• _Problem details_
With the pictures left out, every record must be reproduced exactly.
BEGIN Dataset excerpts
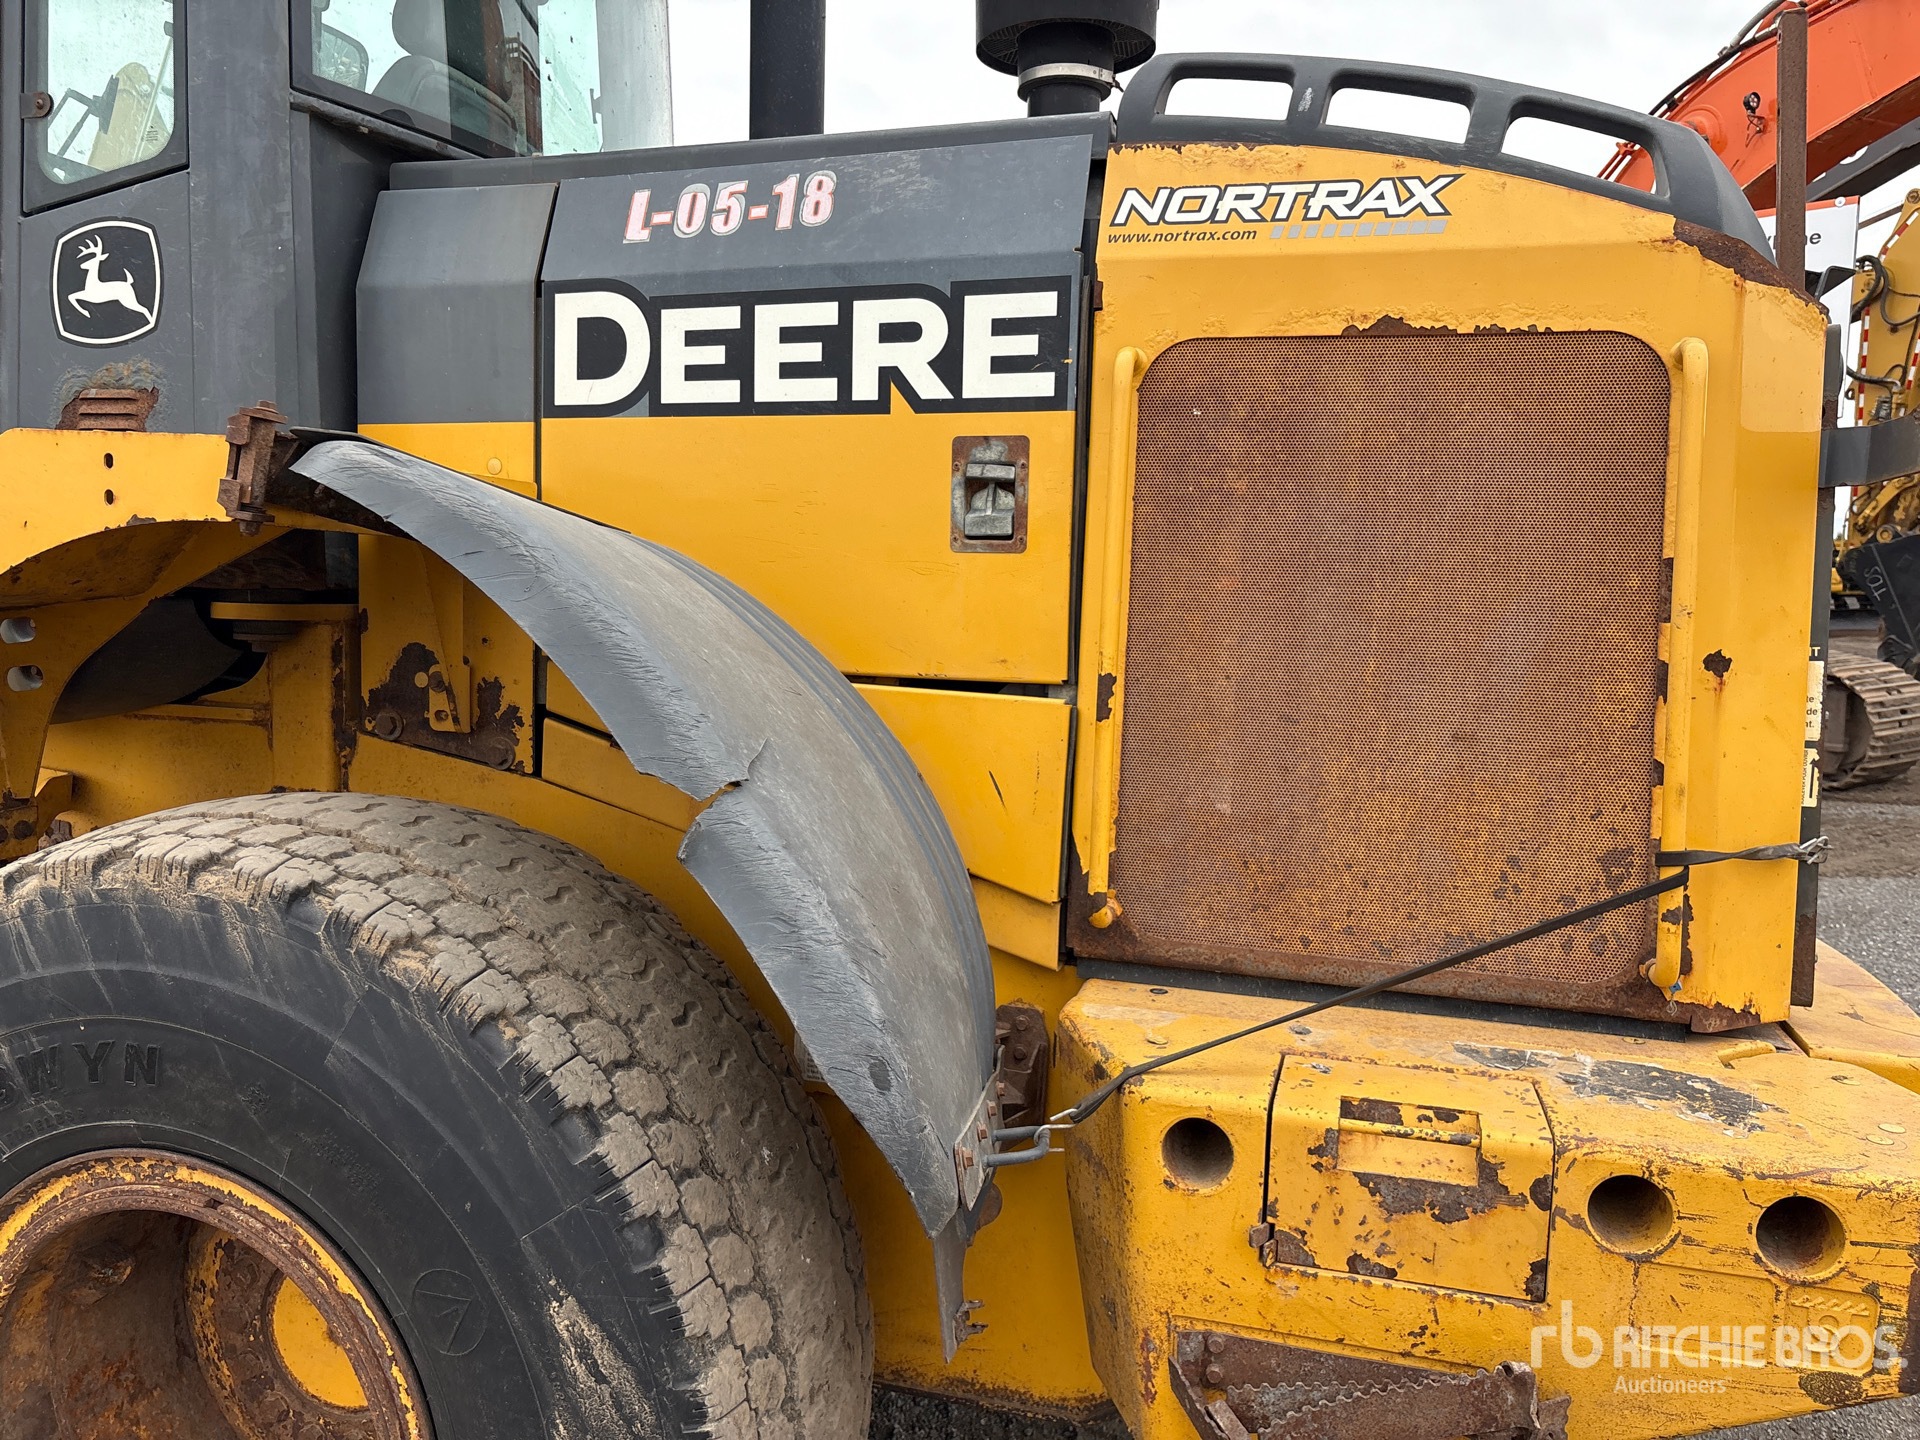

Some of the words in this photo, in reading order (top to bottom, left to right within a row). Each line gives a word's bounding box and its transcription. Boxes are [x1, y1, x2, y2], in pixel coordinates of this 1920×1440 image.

[623, 170, 837, 243] L-05-18
[1110, 173, 1466, 227] NORTRAX
[1107, 228, 1258, 244] www.nortrax.com
[553, 290, 1059, 406] DEERE
END Dataset excerpts
• _Answer section_
Some of the words in this photo, in reading order (top to bottom, left to right within a row). Each line gives a word's bounding box and its transcription. Boxes are [x1, y1, x2, y2], in pixel coordinates of this 1920×1440 image.

[623, 170, 837, 243] L-05-18
[1110, 173, 1466, 227] NORTRAX
[1107, 228, 1258, 244] www.nortrax.com
[553, 290, 1059, 406] DEERE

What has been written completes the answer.